# [Data]
'''
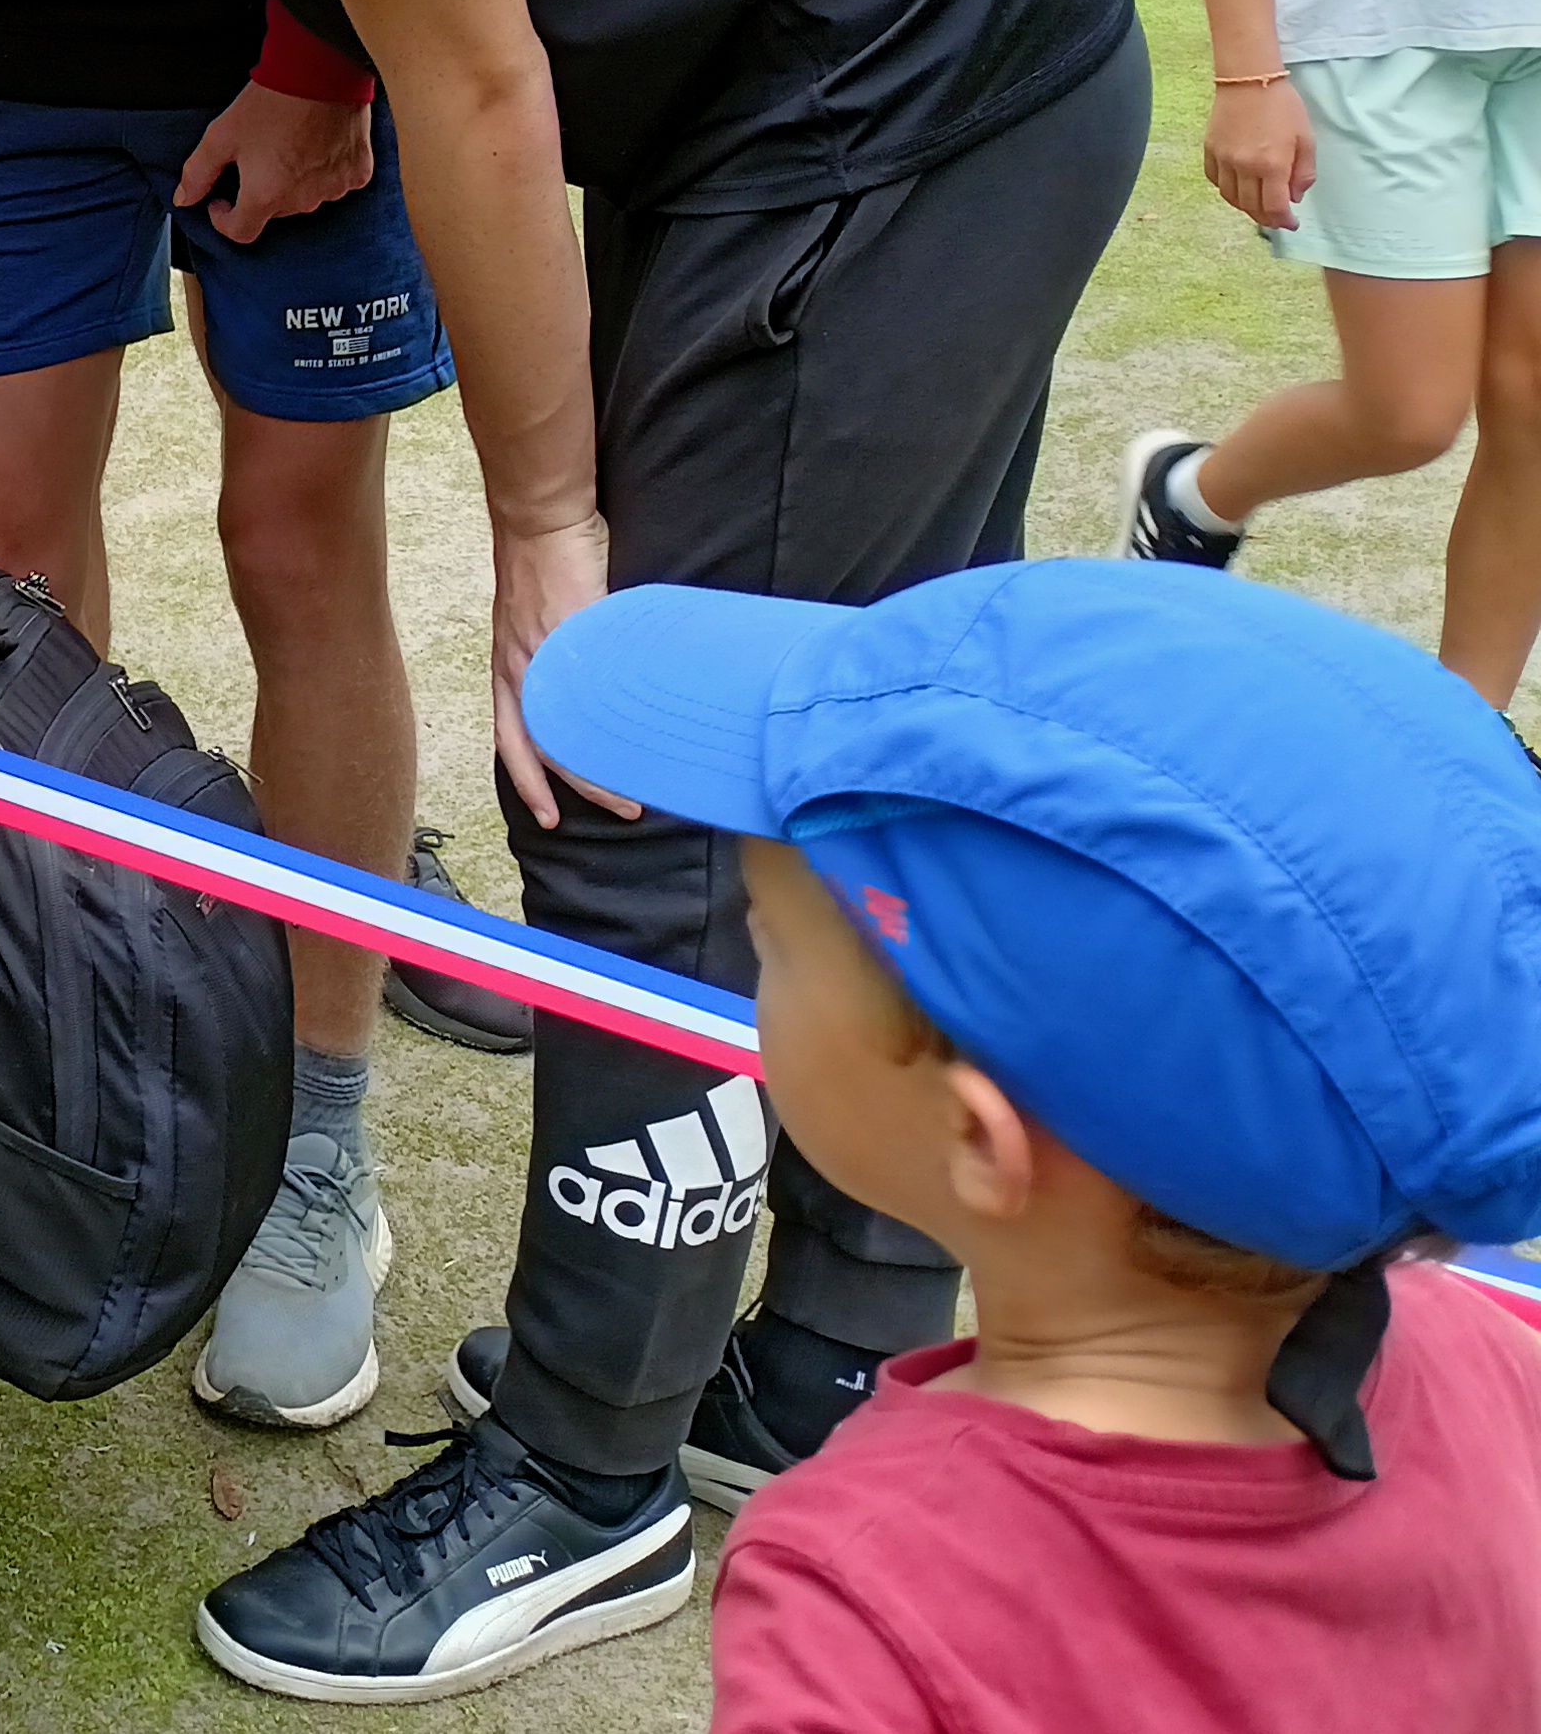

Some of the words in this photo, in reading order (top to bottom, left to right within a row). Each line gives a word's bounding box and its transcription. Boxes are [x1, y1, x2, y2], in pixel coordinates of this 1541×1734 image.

[286, 306, 344, 329] NEW
[356, 292, 410, 324] YORK
[294, 359, 323, 368] UNITED
[328, 357, 355, 368] STATES
[359, 355, 369, 365] OF
[372, 347, 401, 363] AMERICA
[335, 342, 347, 352] US
[485, 1555, 534, 1588] PUMA
'''
Could you write out every record exactly, leaving the pictures out?

Some of the words in this photo, in reading order (top to bottom, left to right within a row). Each line gives a word's bounding box and its transcription. Boxes are [x1, y1, x2, y2], in pixel coordinates of this 1541×1734 image.

[286, 306, 344, 329] NEW
[356, 292, 410, 324] YORK
[294, 359, 323, 368] UNITED
[328, 357, 355, 368] STATES
[359, 355, 369, 365] OF
[372, 347, 401, 363] AMERICA
[335, 342, 347, 352] US
[485, 1555, 534, 1588] PUMA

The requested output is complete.